# Description of the task:
The expected copy holds every entry exactly and none of the pictures.

# Available records:
· · · · ·

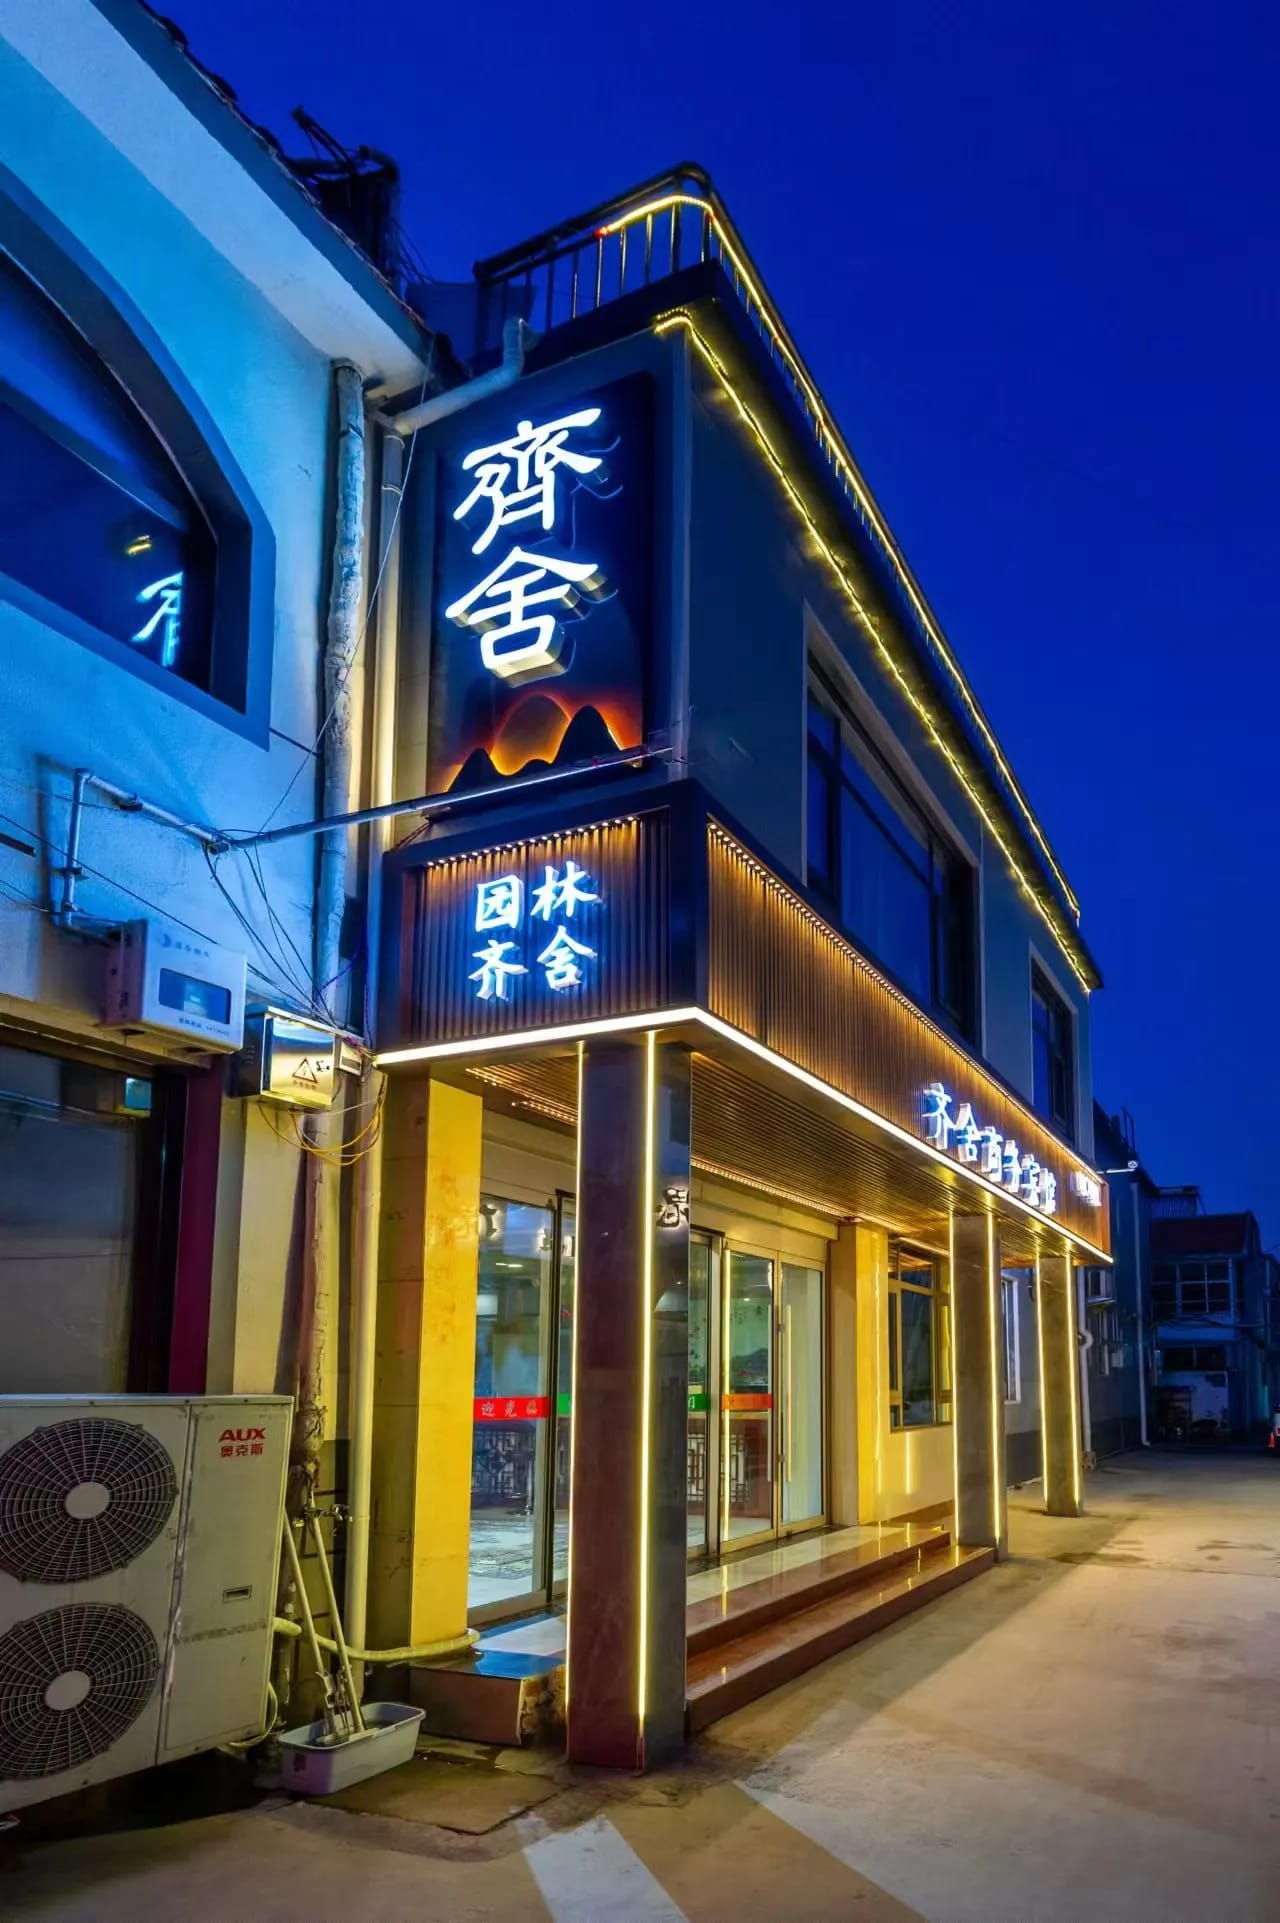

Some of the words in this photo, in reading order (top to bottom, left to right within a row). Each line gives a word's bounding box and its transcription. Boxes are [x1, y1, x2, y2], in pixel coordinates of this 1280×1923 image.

[445, 408, 604, 674] 齊舍
[474, 860, 599, 932] 园林
[468, 925, 599, 1001] 齐舍
[218, 1427, 266, 1442] AUX
[219, 1443, 264, 1457] 奥克斯
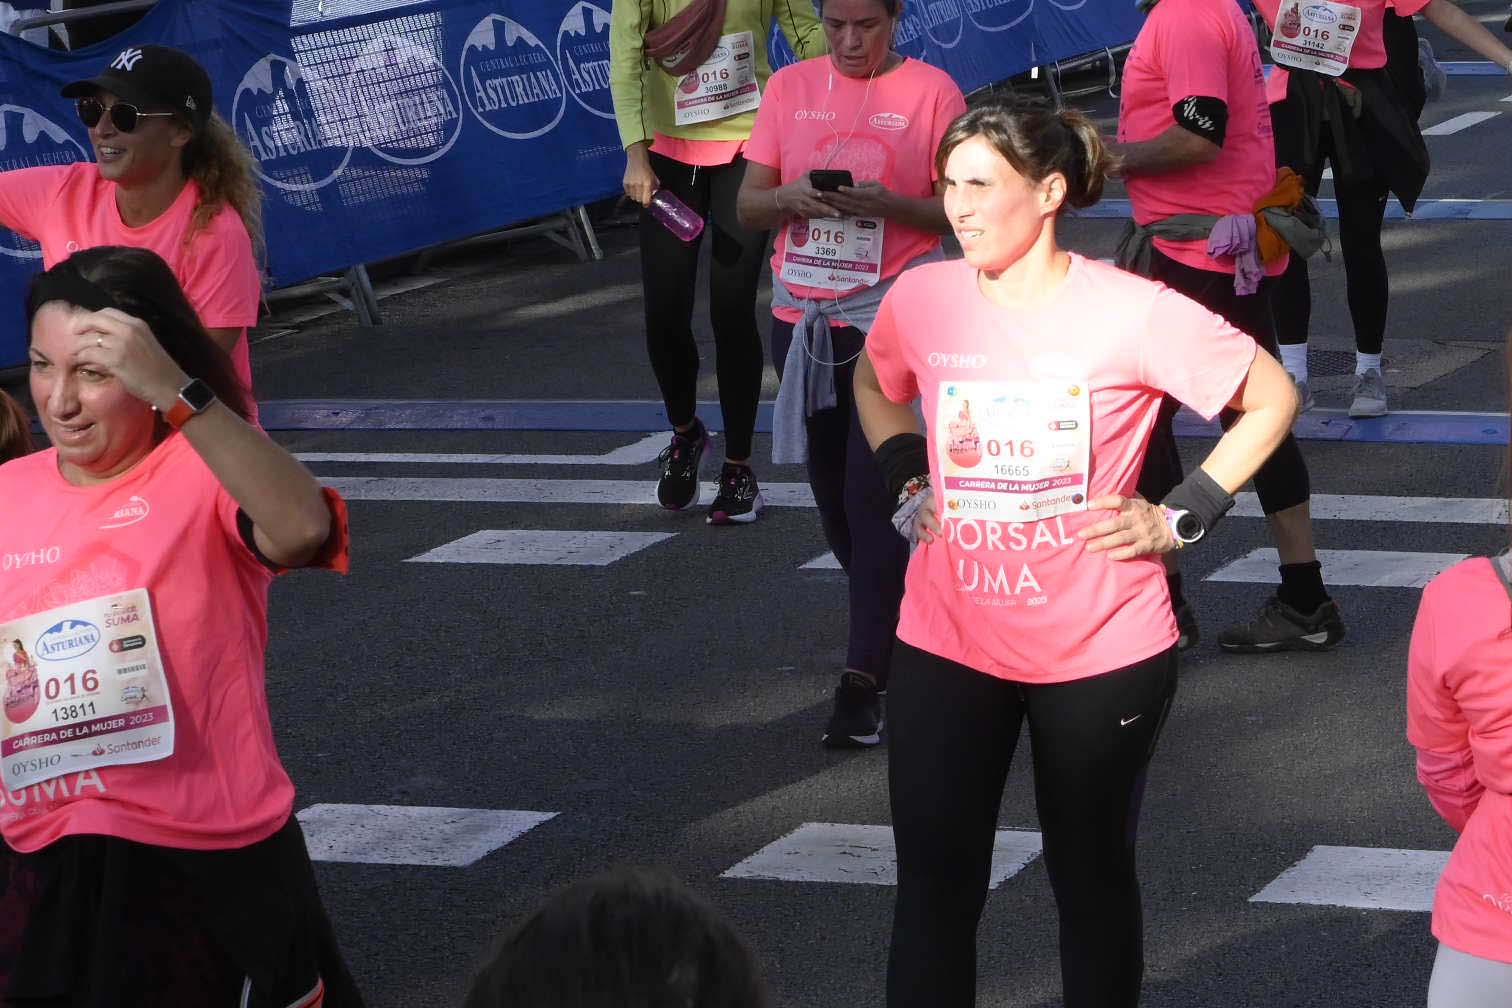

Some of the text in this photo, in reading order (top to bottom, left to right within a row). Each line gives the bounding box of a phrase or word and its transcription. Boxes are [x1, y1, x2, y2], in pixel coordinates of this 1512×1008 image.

[1303, 26, 1330, 41] 016
[1303, 39, 1325, 49] 31142
[702, 68, 729, 83] 016
[470, 66, 562, 113] ASTURIANA
[705, 82, 728, 94] 30988
[794, 109, 836, 121] OYSHO
[811, 227, 845, 244] 016
[815, 246, 837, 257] 3369
[928, 352, 988, 369] OYSHO
[987, 439, 1034, 458] 016
[994, 464, 1030, 477] 16665
[959, 480, 995, 490] CARRERA
[997, 481, 1007, 490] DE
[1009, 482, 1019, 491] LA
[1021, 481, 1049, 491] MUJER
[957, 495, 1072, 510] OYSHO Santande
[104, 612, 140, 628] SUMA
[42, 632, 96, 656] ASTURIANA
[44, 668, 100, 701] 016
[52, 701, 97, 722] 13811
[12, 712, 154, 749] CARRERA DE LA MUJER 2023
[11, 735, 161, 777] OYSHO Santander
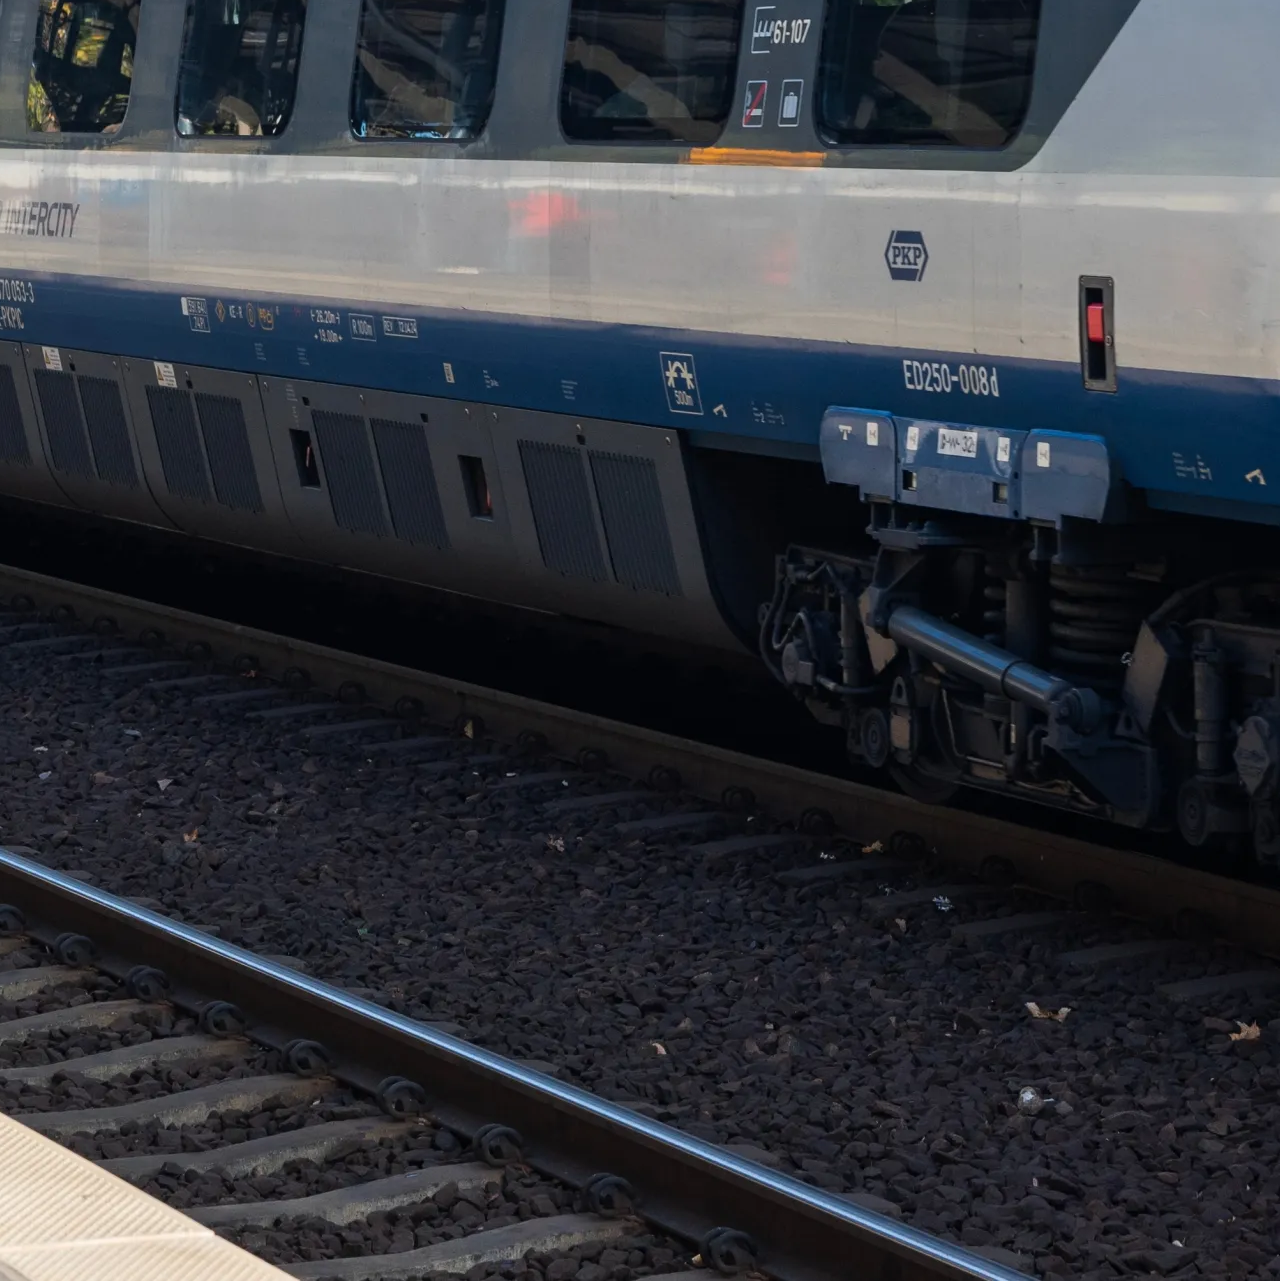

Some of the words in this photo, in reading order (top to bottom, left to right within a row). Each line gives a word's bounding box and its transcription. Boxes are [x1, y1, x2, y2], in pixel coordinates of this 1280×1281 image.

· · · · ·

# Your response:
Some of the words in this photo, in reading order (top to bottom, left to right within a row). Each line gives a word's bounding box and its transcription. Boxes are [x1, y1, x2, y2], in pixel coordinates of this 1280×1923 image.

[445, 408, 604, 674] 齊舍
[474, 860, 599, 932] 园林
[468, 925, 599, 1001] 齐舍
[218, 1427, 266, 1442] AUX
[219, 1443, 264, 1457] 奥克斯

Some of the text in this photo, in reading order (top to bottom, left to right within a row). Each line gives the bounding box of a phrase or word and its transcription. Boxes are [x1, y1, x2, y2], in pixel coordinates of this 1512×1008 image.

[1303, 26, 1330, 41] 016
[1303, 39, 1325, 49] 31142
[702, 68, 729, 83] 016
[470, 66, 562, 113] ASTURIANA
[705, 82, 728, 94] 30988
[794, 109, 836, 121] OYSHO
[811, 227, 845, 244] 016
[815, 246, 837, 257] 3369
[928, 352, 988, 369] OYSHO
[987, 439, 1034, 458] 016
[994, 464, 1030, 477] 16665
[959, 480, 995, 490] CARRERA
[997, 481, 1007, 490] DE
[1009, 482, 1019, 491] LA
[1021, 481, 1049, 491] MUJER
[957, 495, 1072, 510] OYSHO Santande
[104, 612, 140, 628] SUMA
[42, 632, 96, 656] ASTURIANA
[44, 668, 100, 701] 016
[52, 701, 97, 722] 13811
[12, 712, 154, 749] CARRERA DE LA MUJER 2023
[11, 735, 161, 777] OYSHO Santander

Some of the words in this photo, in reading order (top to bottom, left to right within a row). Each line gives a word's bounding box and its transcription. Boxes are [x1, y1, x2, y2], in pixel coordinates of this 1280×1281 image.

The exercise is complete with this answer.